Quantitative real-time PCR analysis
Rat liver tissue was frozen in liquid nitrogen and stored at -80 °C. Extraction of total RNA from frozen tissue with Trizol reagent. cDNA was synthesized from 1 μg of total RNA with a Reverse Transcription Kit (TRANS, Cat# AE311). The real-time PCR primer sequences are summarized in Supplementary Table 2.
Immunofluorescence
The following primary antibodies were used: rabbit anti-S1PR2 (Proteintech, Cat# 21180-1-AP, 1:100), rabbit anti-TNF-a (Proteintech, Cat# 17590-1-AP, 1:500). Paraffin-embedded rat brain sections (5-μm thickness) were prepared as a routine procedure. The sections were deparaffinized by three xylene washes, hydrated by alcohol and washed with distilled water. Antigen retrieval was performed by a microwave oven for 15 min in the citrate buffer (10 mM, pH 6.0). The sections were added with 3% hydrogen peroxide to blockade endogenous peroxidase activity. 5% BSA were incubated for 1 h at room temperature. Next, the sections were incubated with the primary antibody at 4 °C overnight. After being washed, the sections were incubated with the secondary antibody (FITC) at 37 °C for 45 min. DAPI were added to visualization of nuclei, then the sections were mounted by antifluorescence quencher. Shooting and analysis of slices using Leica TCS STED CW systems.

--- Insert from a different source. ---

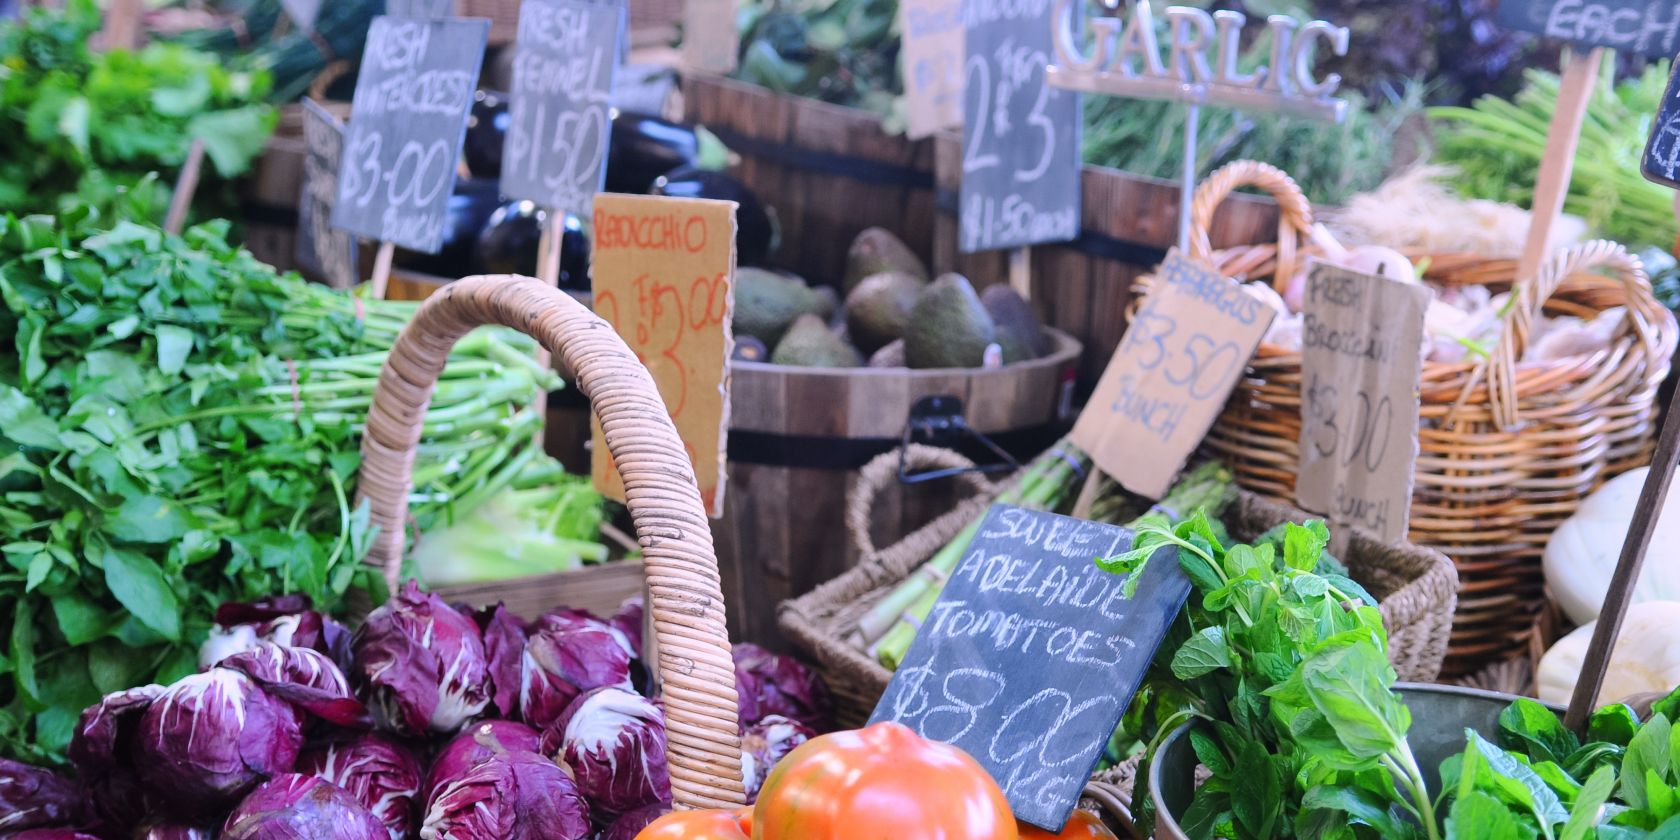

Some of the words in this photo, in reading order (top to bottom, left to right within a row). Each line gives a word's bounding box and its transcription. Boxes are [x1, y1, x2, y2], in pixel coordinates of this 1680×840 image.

Laser Doppler imaging of brain
Laser Doppler images were acquired after CUSP using a laser Doppler imaging system (moorLDI2-HIR, Moor Instruments, DE, UK). During the procedure, the core temperature of the animals was monitored to ensure euthermia.
Culture of fecal samples
Fecal samples of antibiotic and vehicle group were collected on the 14th day. Similarly, FMT group fecal samples were collected on the 30th day. Each group fecal samples (100 mg) were inoculated in 5 ml broth medium and incubated 24 h under strict anaerobic conditions in constant temperature incubator at 37 °C respectively.
Statistical analyses
The number of repeats per group was provided in the legend and results were presented as mean ± SEM. GraphPad Prism 7 (GraphPad software, San Diego, CA, USA) and R were used for statistical analysis of the data. The significance of the differences between two groups was analysed using unpaired Student’s t test, and multiple comparisons was performed by one-way analysis of variance (ANOVA) followed by Dunnett’s post hoc test. All tests were two-tailed. Significant differences emerging from the above tests are indicated in the figures by *P < 0.05, **P < 0.01, ***P < 0.001, ****P < 0.0001. Notable non-significant (and non-near significant) differences are indicated in the figures by “n.s”. For all behavioral analyses, experimenters were blind to group assignment.